2. Plausible first action B: enable or preserve the main coolant feed first. Pulse makes reactor nearly ready but leaves hot patch unchanged.
3. Player chooses whether to spend one pulse demonstrating suppression or go directly for readiness.
4. If sprinkler caused starvation, the recovery path is another useful network action, such as toggling a valve or source, that triggers a pulse and lets evaporation or pressure recovery resolve.
5. Player activates reactor after coolant consumer and reactor feed are supplied.
Win: Coolant consumer producing, reactor coolant feed present, reactor activated.
Lose: Heat patch is intentionally below terminal level; loss should be unlikely unless robot ends on an unsafe cell.
Implementation Notes:
- This level introduces evaporation visually before heat becomes a central system.
- Forecast for sprinkler should say `Outlet wets; local coolant pressure drops this pulse`.
### 2-3 - Split Flow
Purpose: Teach that coolant service has routing priorities and that not every consumer must be active unless required.
Setup:
- Networks: coolant only.
- One coolant source, one junction, three coolant consumers, one reactor control.
- Reactor requires two producing coolant consumers.
- One branch includes a weakened coolant leak that creates sprinkler water if fed.
- One isolation valve can protect the damaged branch while sacrificing one consumer.
Timeline:
1. Plausible first action A: cycle the junction toward the damaged branch. Pulse feeds more consumers but starts coolant leakage.
2. Plausible first action B: close damaged-branch isolation. Pulse prevents leakage but leaves only two possible consumers.
3. Plausible first action C: repair the coolant leak first. Pulse consumes time while current routing continues.
4. Player balances enough producing consumers against leak control.
5. Player activates reactor when two coolant consumers and the reactor control are fed.
Win: Two coolant consumers producing, reactor coolant feed present, reactor activated.

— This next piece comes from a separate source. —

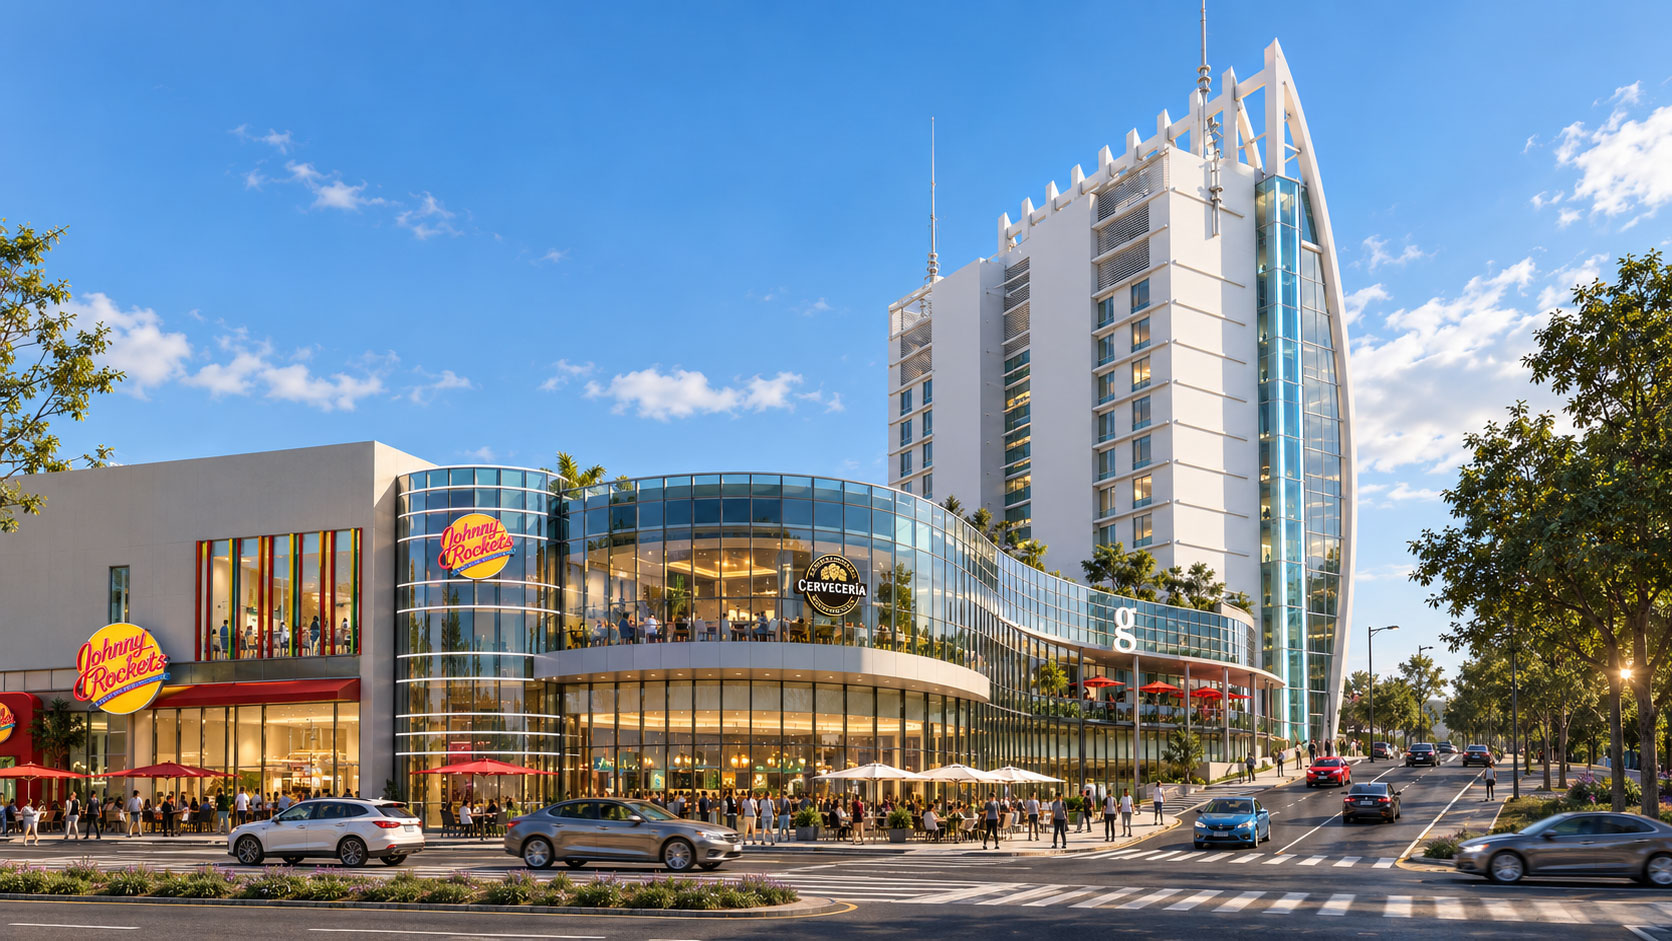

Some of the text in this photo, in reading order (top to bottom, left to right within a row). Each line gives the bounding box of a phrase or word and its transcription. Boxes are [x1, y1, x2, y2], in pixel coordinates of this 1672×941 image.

Lose: Robot loses by unsafe final surface state if the route is flooded enough to be unsafe, or terminal rules mark failure.
Implementation Notes:
- Keep the coolant leak readable as sprinkler water, not as generic damage.
- This level should cement consumers before electricity appears.
## Group 3: Electricity Network
Group 3 teaches electricity as fast, directional danger. Electricity leaks can emit from walls, voltage matters, and doors/terminals enter because information and containment are more important now.
### 3-1 - Live Face
Purpose: Introduce electricity wall leaks and repair access from an adjacent floor face.
Setup:
- Networks: electricity only.
- One electricity source, one electricity consumer, one reactor control.
- One wall-based electricity leak with a clearly marked accessible floor face.
- One isolation valve can cut voltage to the leaking segment.
Timeline:
1. Plausible first action A: enable electricity source. Pulse powers consumer and reactor but emits electricity from the wall leak.
2. Plausible first action B: close isolation valve. Pulse prevents emission but starves the consumer.
3. Player moves to the safe repair face and repairs the leak, or keeps it isolated if reactor feed can bypass it.
4. Player restores power and activates reactor.
Win: Electricity consumer producing, reactor electricity feed present, reactor activated.
Lose: Robot ends a pulse on unsafe electricity, or electricity reaches terminal state.
Implementation Notes:
- Access face must be visually unambiguous.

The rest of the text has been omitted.